Dried dill refers to the dry leaves of the dill plant (Anethum graveolens). The delicate culinary herb is obtained from drying fresh dill leaves in the air, microwave, oven, or a food dehydrator. You can also dry dill flowers and tender stems together with the leaves.
Dried dill is also called dried dill weed or dried dill weed.
|Origin||Eastern Europe and are native to Asia|
|Appearance||Feathery green leaves that retain their green color when dried|
|Flavor profile||Has a grassy, slightly buttery, anise-like licorice flavor with hints of sweetness and tangy lemon-citrusiness|
Dill plants originate from Eastern Europe and are native to Asia, the Mediterranean, and Europe.

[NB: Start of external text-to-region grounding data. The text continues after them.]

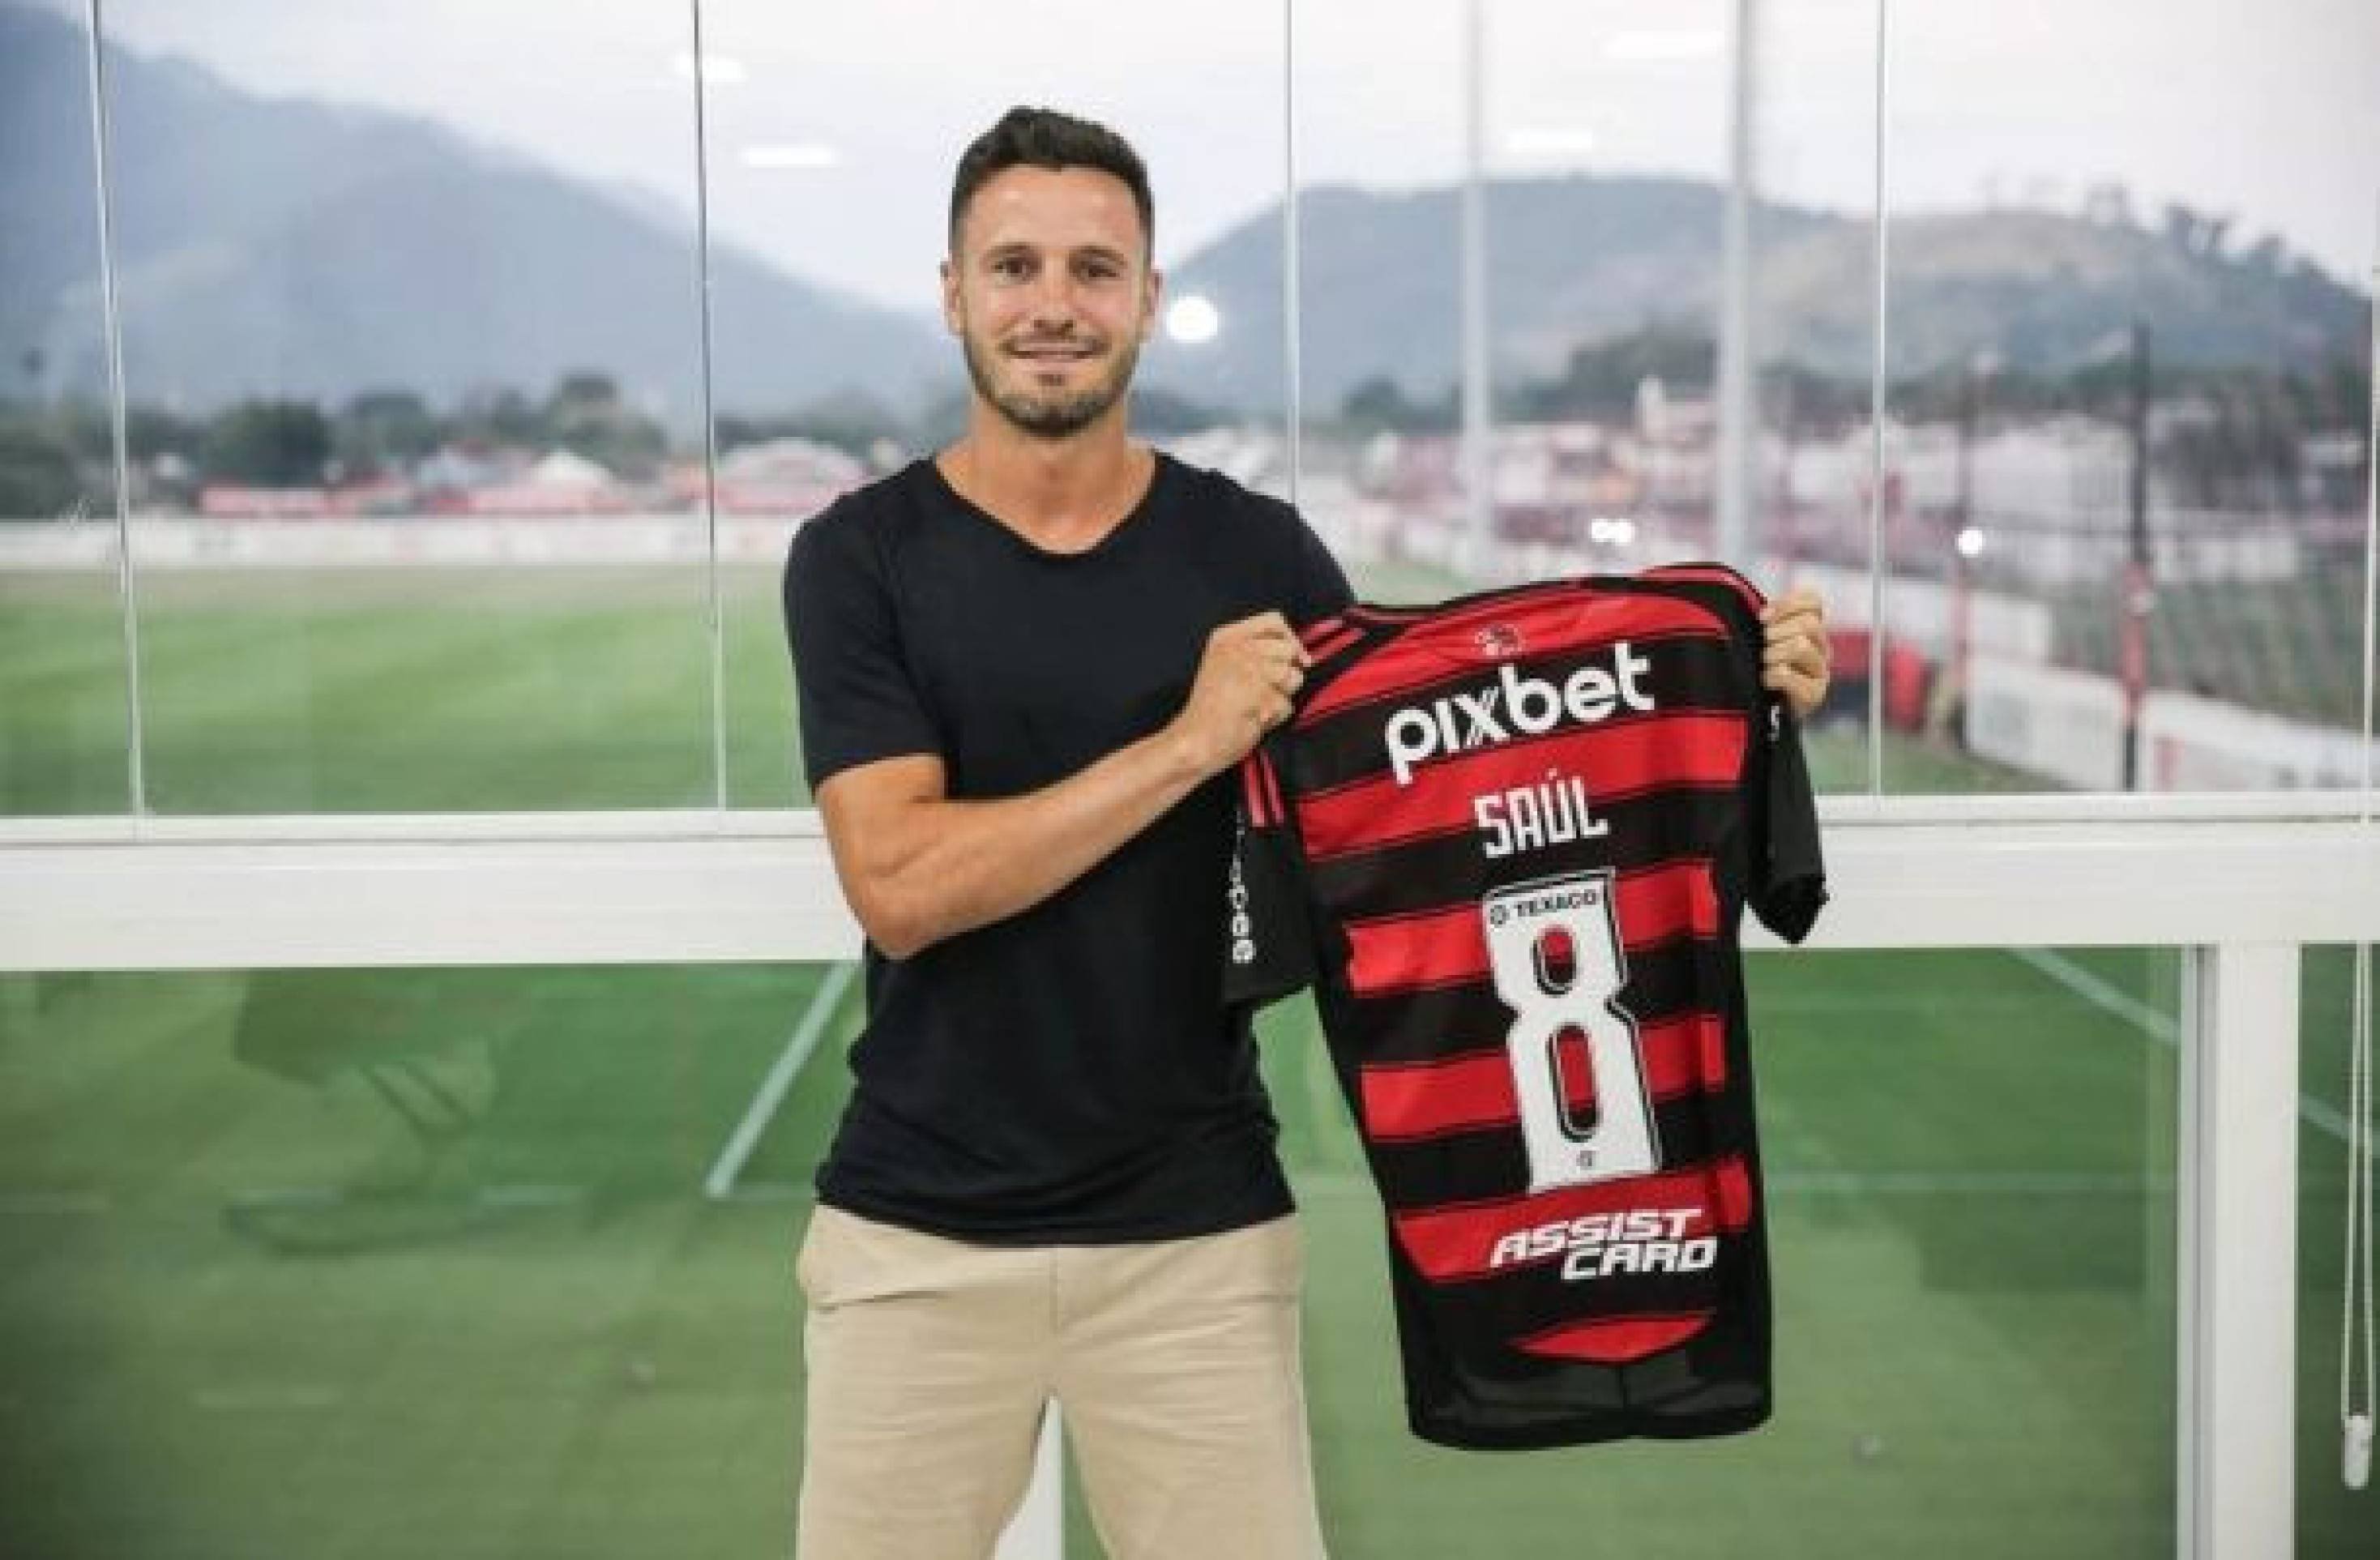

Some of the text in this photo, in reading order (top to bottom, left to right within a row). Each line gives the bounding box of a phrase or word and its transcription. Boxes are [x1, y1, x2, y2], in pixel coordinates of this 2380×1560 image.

[1386, 641, 1655, 785] pixbet
[1473, 770, 1609, 857] SAÚL
[1515, 888, 1598, 917] TEXACO
[1483, 868, 1660, 1195] 8
[1489, 1208, 1703, 1267] ASSIST
[1561, 1236, 1717, 1280] CARD
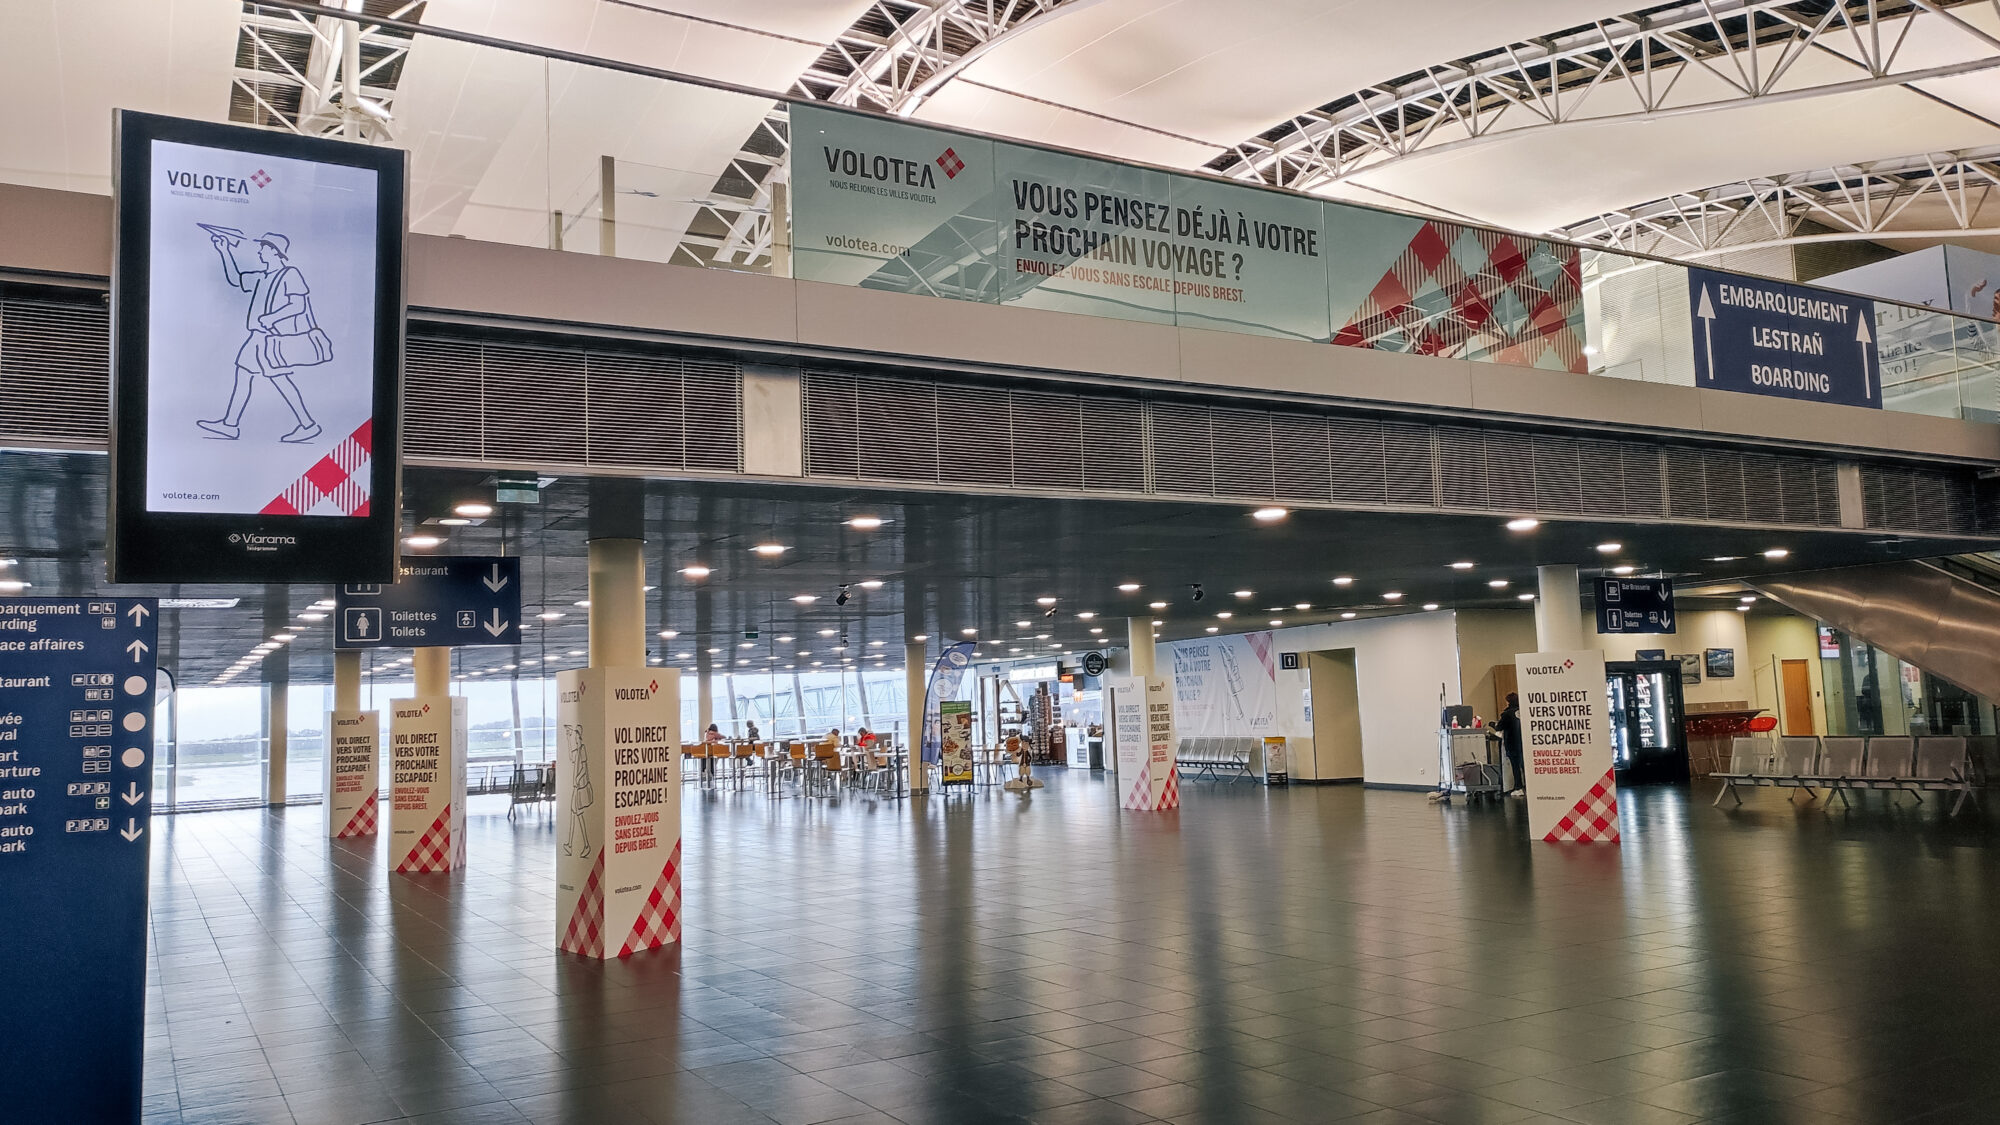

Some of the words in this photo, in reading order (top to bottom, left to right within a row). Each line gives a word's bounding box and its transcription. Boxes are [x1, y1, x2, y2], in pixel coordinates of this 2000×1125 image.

The fresh or dried leaves of the plant work as a culinary herb, while its fresh or dried seeds work as a spice.
Dried dill is a popular flavoring herb in Scandinavia, Western Europe, and Germany. Its usage spreads to Vietnamese, Turkish, Eastern European, Indian, Middle Eastern, and Nordic cuisines. In the US, it’s common in dill pickles and ranch dressing.
Dill plants have feathery green leaves that retain their green color when dried. After drying, the leaves may be left whole or crumbled into a rough, crunchy texture. You could also grind them into a smooth powder.
Nutritional Benefits of dried dill
Dried dill is rich in manganese, and vitamins A and C. Manganese helps your body metabolize fat and sugar and maintain a healthy brain and nervous system.
Vitamin A helps with immunity and vision, while vitamin C helps with metabolism, healing wounds, bone formation, and immunity.
The flavonoids in dill can help reduce the risk of stroke, heart disease, and some cancers. Dill has terpenoids that may protect you from brain, liver, kidney, and heart diseases.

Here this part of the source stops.